Got it, let's walk through how to mask your 0.25-degree CMORPH NetCDF data to keep only land values. I'll use Python tools since they're the most straightforward for this kind of geospatial task.

Step 1: Install Required Libraries

First, make sure you have the necessary packages installed.
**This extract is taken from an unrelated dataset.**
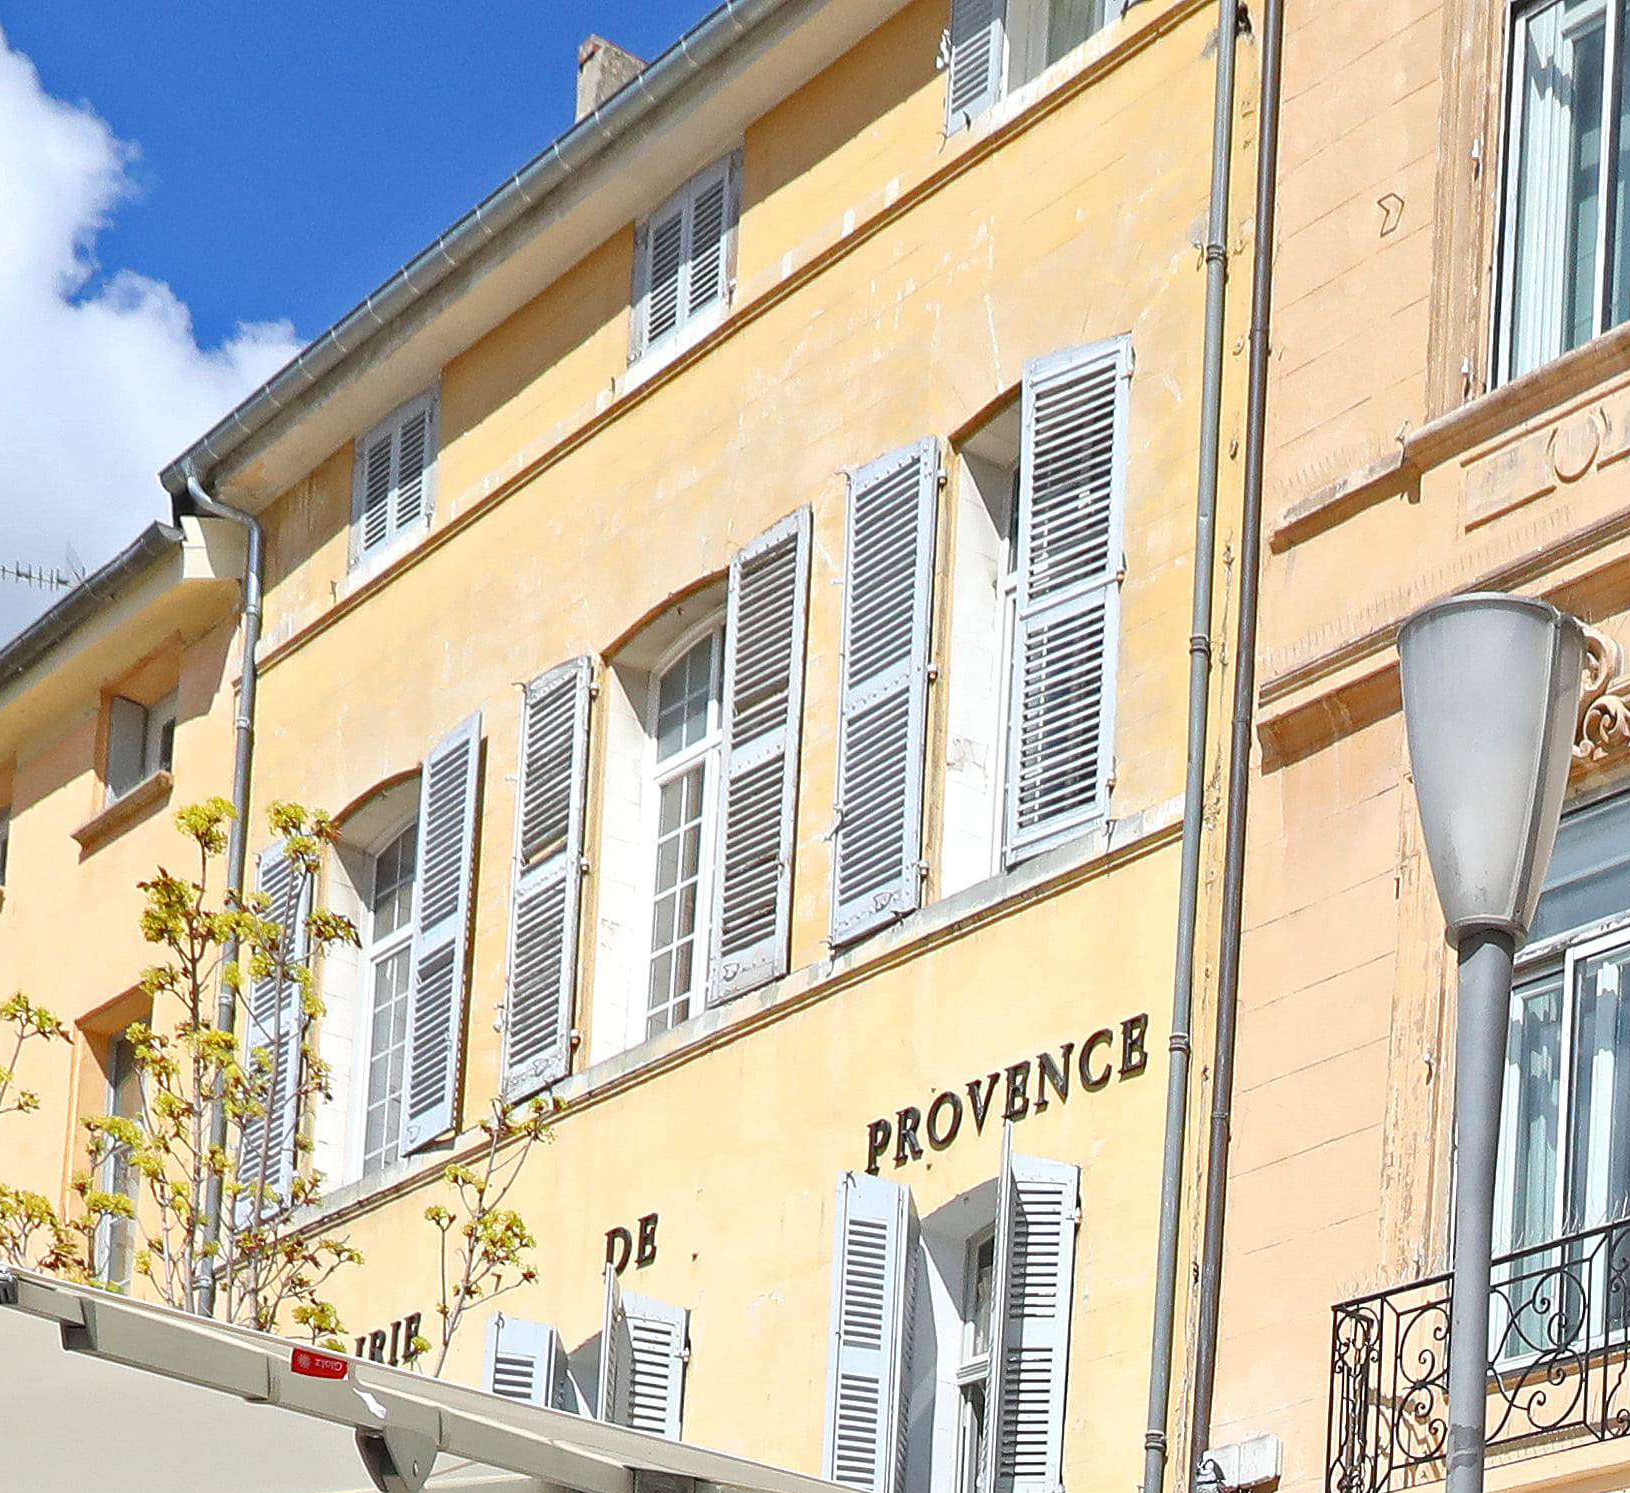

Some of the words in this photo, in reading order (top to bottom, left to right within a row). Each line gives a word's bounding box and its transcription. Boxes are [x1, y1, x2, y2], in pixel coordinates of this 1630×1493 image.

[354, 1311, 422, 1368] IRIE
[604, 1212, 659, 1276] DE
[864, 1012, 1150, 1176] PROVENCE
Open your terminal and run:

pip install xarray netCDF4 regionmask numpy
  • xarray handles NetCDF data easily
  • regionmask gives us ready-to-use land-sea masks matched to common grids
  • numpy helps with coordinate handling
Step 2: Load Your CMORPH Dataset

Start by loading your data and verifying the coordinates match what you described:

import xarray as xr

# Load the dataset
ds = xr.open_dataset("cmorph_global_daily.nc")

# Check coordinates (should show lon: 0-360, lat: -60 to 60, 0.25-degree resolution)
print(ds.lon.values[:5])
print(ds.lat.values[:5])

Your lat dimension is marked as UNLIMITED, but xarray will still handle it normally for masking.

Step 3: Create a Land Mask Matched to Your Grid

We'll use regionmask's Natural Earth land mask, which aligns perfectly with your 0.25-degree, 0-360 longitude grid:

import regionmask
import numpy as np

# Generate the land mask: land areas get a region ID, ocean areas are NaN
land_mask = regionmask.defined_regions.natural_earth.land_110.mask(ds.lon, ds.lat)

# Convert to a boolean mask (True = land, False = ocean) if you prefer
land_mask_bool = land_mask.notnull()
  • Use land_50 or land_10 instead of land_110 if you need higher-resolution land boundaries (note: these will take more memory to process)
Step 4: Apply the Mask to Your Data

Now apply the mask to keep only land values (set ocean values to NaN). Replace your_variable_name with the actual variable in your dataset (e.g., precip for CMORPH precipitation):

# Mask the dataset: keep land values, set ocean to NaN
ds_land_masked = ds.where(land_mask_bool)

# Verify the mask worked by checking a slice of data
print(ds_land_masked.your_variable_name.isel(time=0).values)
Step 5: Save the Masked Data

Finally, save the masked dataset to a new NetCDF file:

ds_land_masked.to_netcdf("cmorph_global_daily_land_masked.nc")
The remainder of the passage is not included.